Oral leukoplakia (OL) is the most common oral potentially malignant disorder and carries a non-trivial risk of malignant transformation. Biomarkers are sought to aid in identifying lesions with high risk for malignant transformation, yet none are currently validated. Recent success of immune based therapies in head and neck oncology highlights immune involvement in the progression of these diseases. The differential expression of classical and non-classical HLA molecules in oral leukoplakia are thought to contribute to their malignant transformation. To better evaluate the role HLA plays in oral pre-malignant lesions, a scoping review was performed.
Methods
A scoping review was conducted in accordance with the PRISMA guidelines across PubMed, EMBASE, and Web of Science. 293 studies were reviewed from 1989 to 2025.
Results
15 studies were screened by title, then 5 original research abstracts were included. Samples studied ranged from n = 16 to n = 100. It was found that leukoplakia lesions had higher expressions of HLA-E, HLA-G, CircHLA-C, and HLA-DR.
Conclusion
The upregulation of non-classical HLA molecules, particularly HLA-G, HLA-E, and circHLA-C in oral leukoplakia, suggests an immunologic shift, potentially facilitating tumor immune evasion in oral leukoplakic lesions. HLA expression may serve as a potential biomarker for identifying pre-malignant oral lesions at increased risk of malignant transformation. Also, circHLA-C may provide a target for therapeutic intervention in high-risk oral premalignant lesions.
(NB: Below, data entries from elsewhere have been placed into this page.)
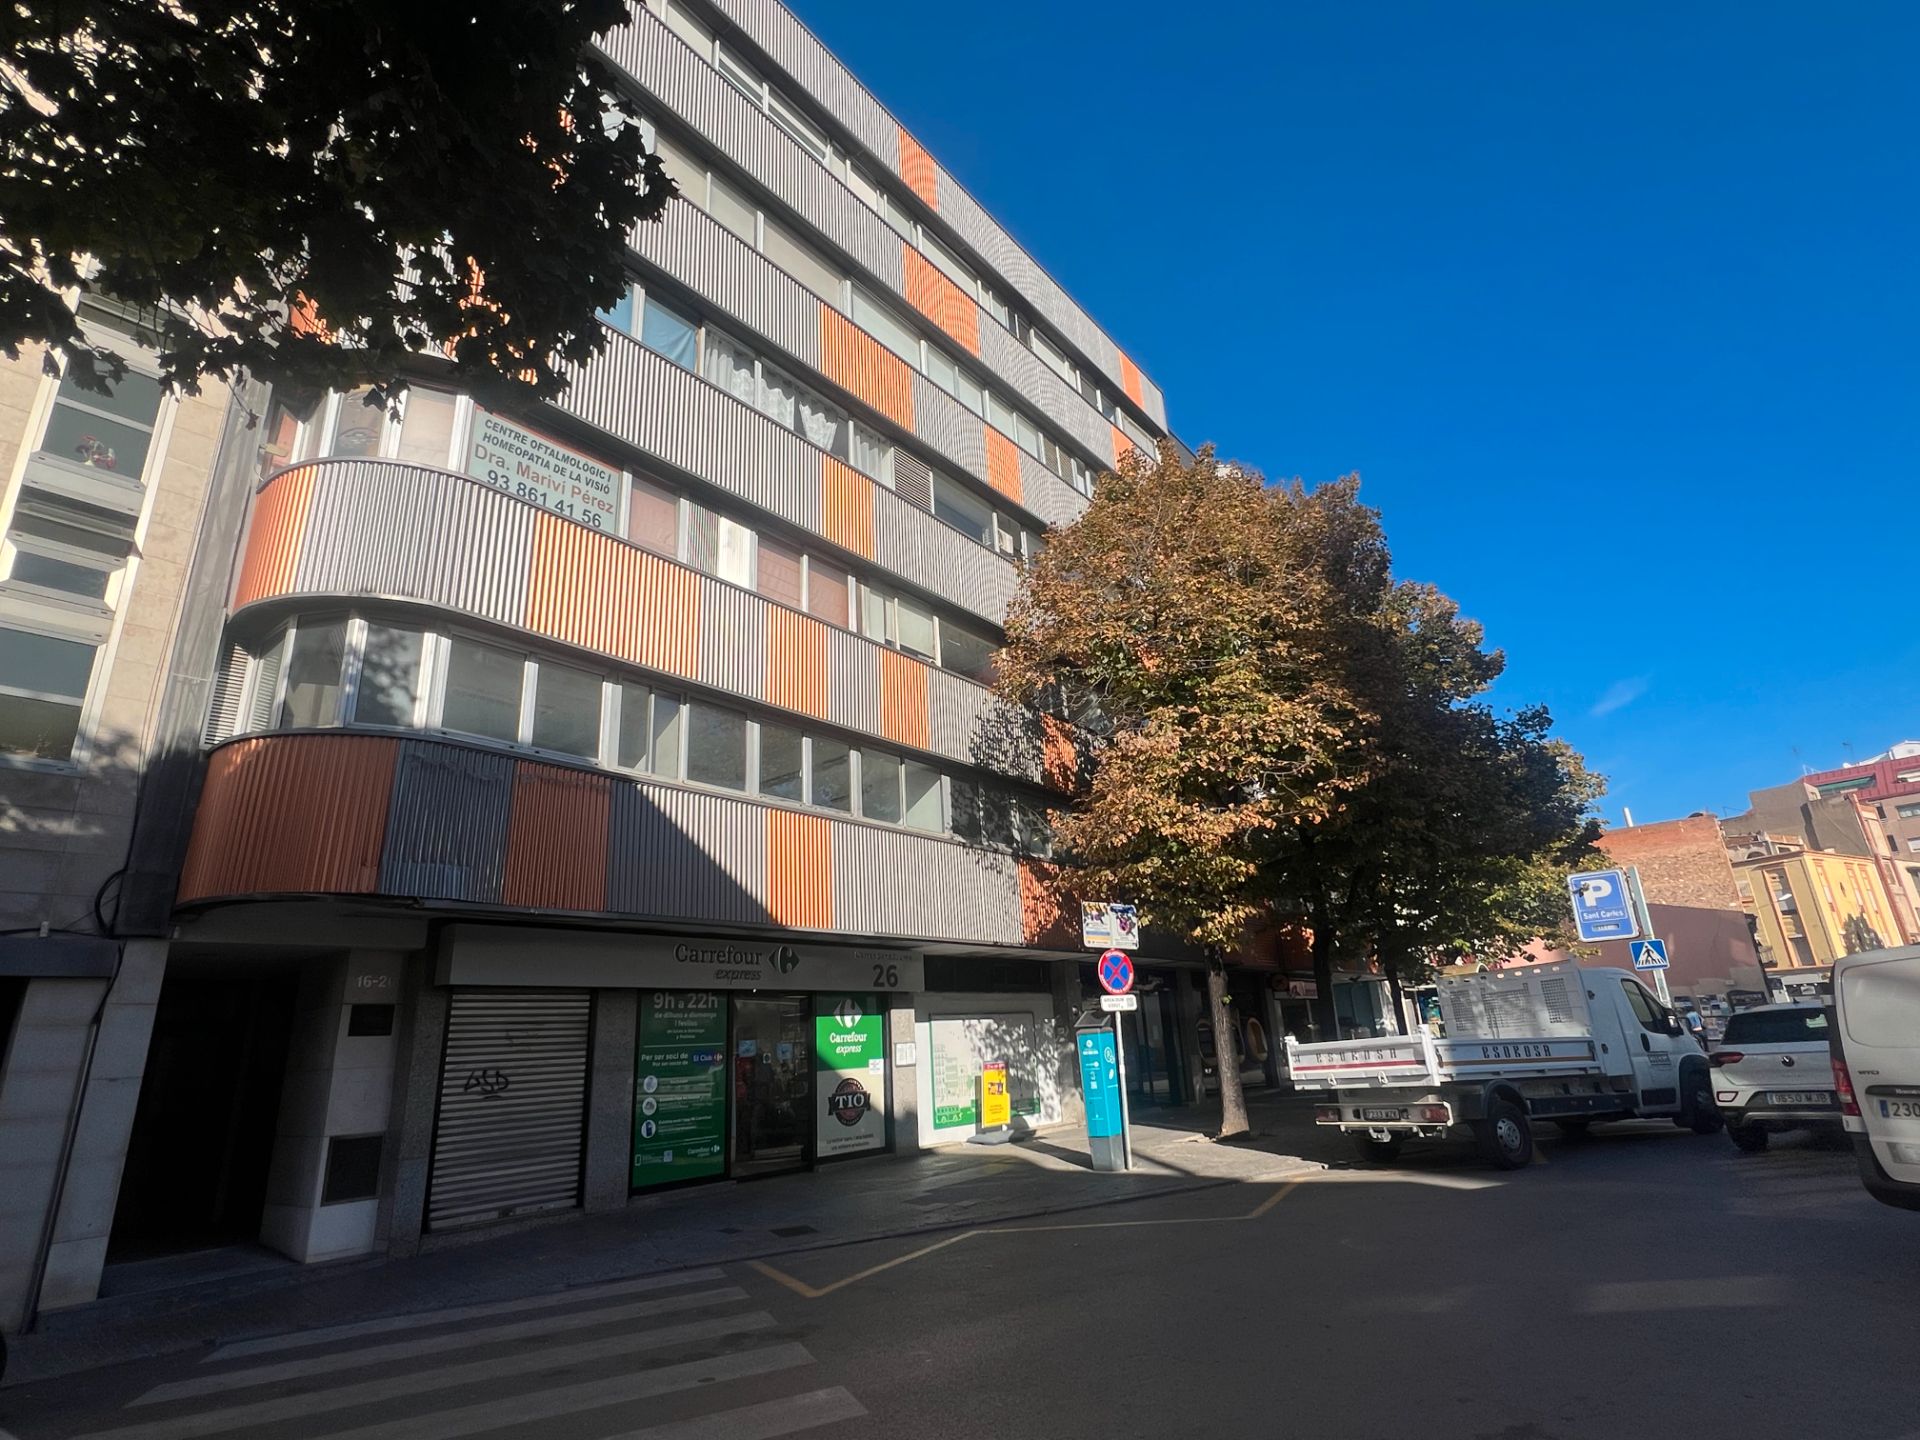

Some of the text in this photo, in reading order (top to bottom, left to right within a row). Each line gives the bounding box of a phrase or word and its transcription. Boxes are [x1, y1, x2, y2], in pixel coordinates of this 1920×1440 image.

[482, 432, 550, 470] HOMEOPATIA
[553, 464, 567, 477] DE
[569, 471, 582, 483] LA
[485, 419, 528, 445] CENTRE
[607, 473, 612, 482] I
[475, 443, 510, 471] Dra.
[571, 485, 614, 514] Pérez
[487, 469, 602, 528] 93 861 41 56
[1580, 879, 1612, 907] P
[1583, 911, 1600, 920] Sant
[673, 943, 763, 966] Carrefour
[715, 968, 762, 984] express
[872, 964, 899, 988] 26
[653, 992, 718, 1009] 9h a 22h
[829, 1031, 868, 1044] Carrefour
[835, 1044, 862, 1057] express
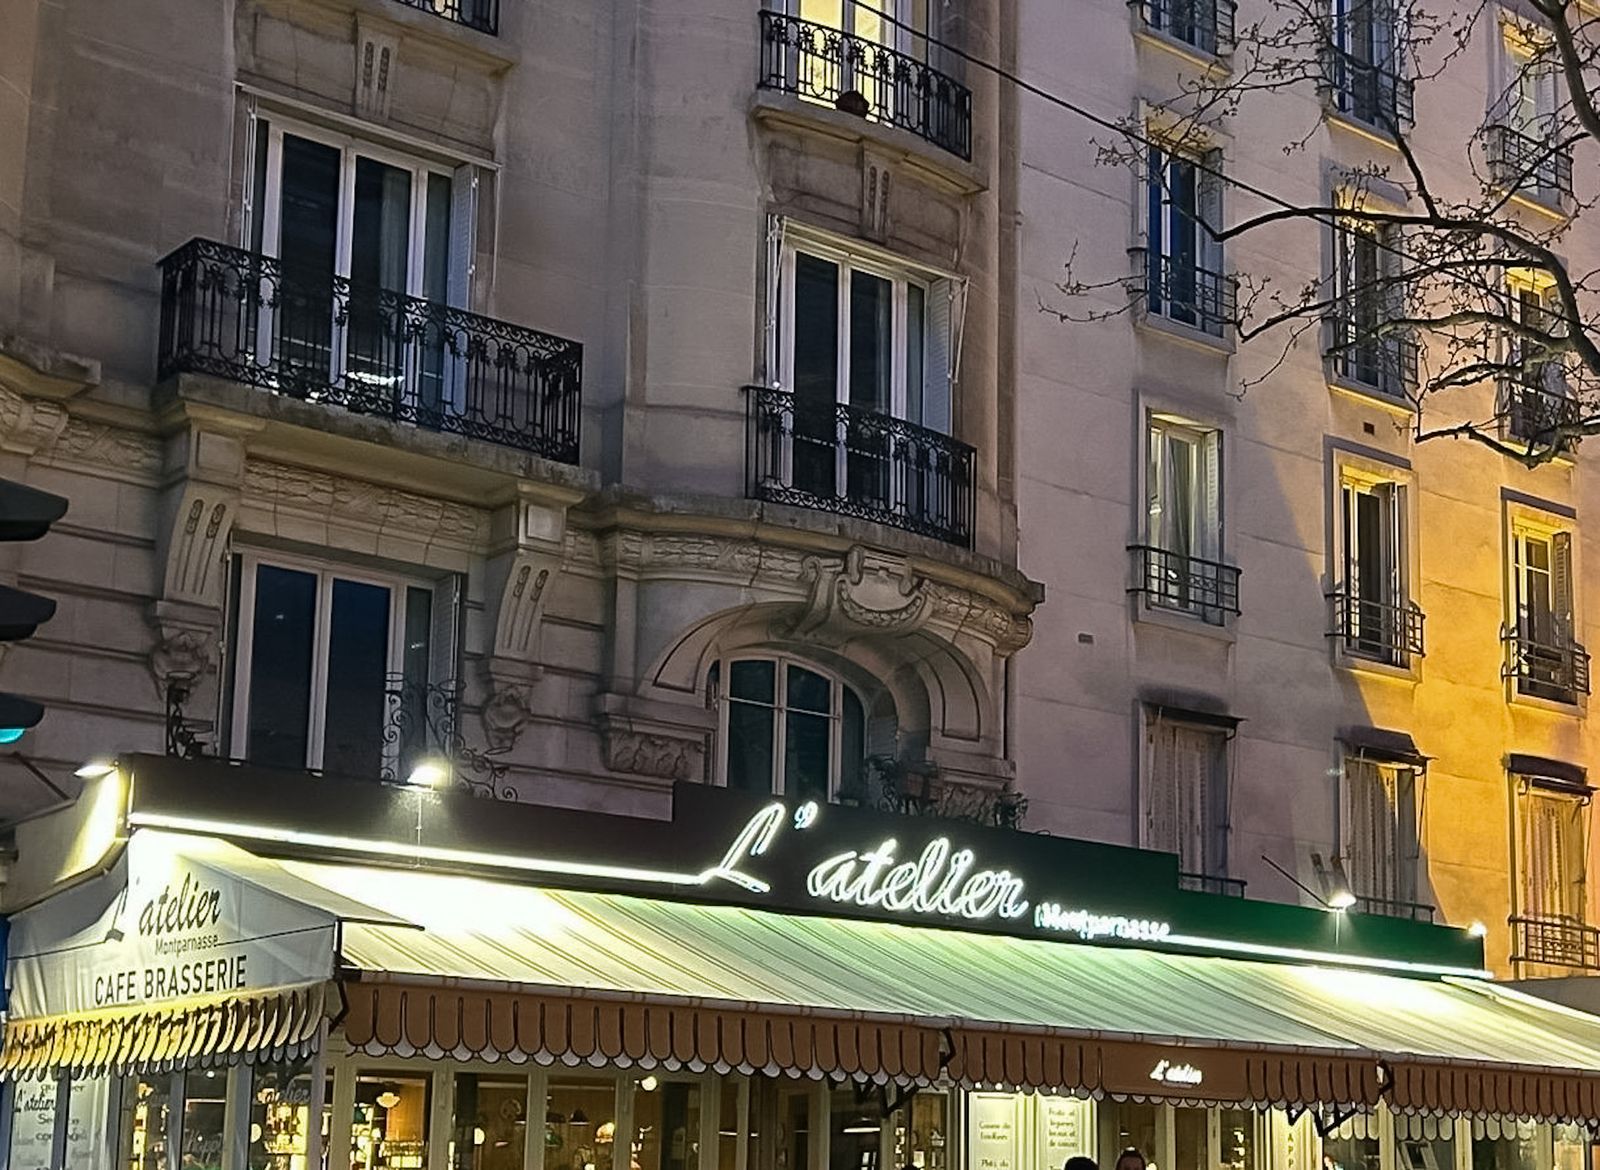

biomarkersdysplasiahuman leukocyte antigenleukoplakiaoncologyThe author(s) declared that financial support was not received for this work and/or its publication.section-at-acceptanceOral-Systemic ImmunologyIntroduction
Oral leukoplakia (OL) is defined by the World Health Organization as a predominantly white plaque of questionable risk having excluded other known diseases or disorders that carry no increased risk for cancer (1). OL is classified within the broader group of oral potentially malignant disorders (OPMDs), which encompass a spectrum of clinically and histopathologically diverse lesions with varying risks of malignant transformation. With a prevalence of 1.39% worldwide, the most common type of OPMD is oral leukoplakia (2). To date, the natural history of OL progression is poorly understood. This is the focus of a large area of research with the aim to better stratify risk in oral lesions. The grade of dysplasia as mild, moderate or severe, is currently used to assess risk of malignant transformation but is not completely predictive (3). Additional biomarkers are sought to aid in identifying lesions with high risk for malignant transformation. The immune system is known to play a role in the progression of OL. Recent single cell RNA sequencing data of progressing oral dysplastic lesions show expansion of specific immune cells thought to contribute to inhibition of the innate immune surveillance (4). Several myeloid cell subclusters were found to be expanded in this process, including dendritic cells that express HLA-DR (5). Presence of HLA-DR is known to correlate with increased risk of autoimmune diseases. Less is known about it, or other associated differential HLA expression and oral cancer risk.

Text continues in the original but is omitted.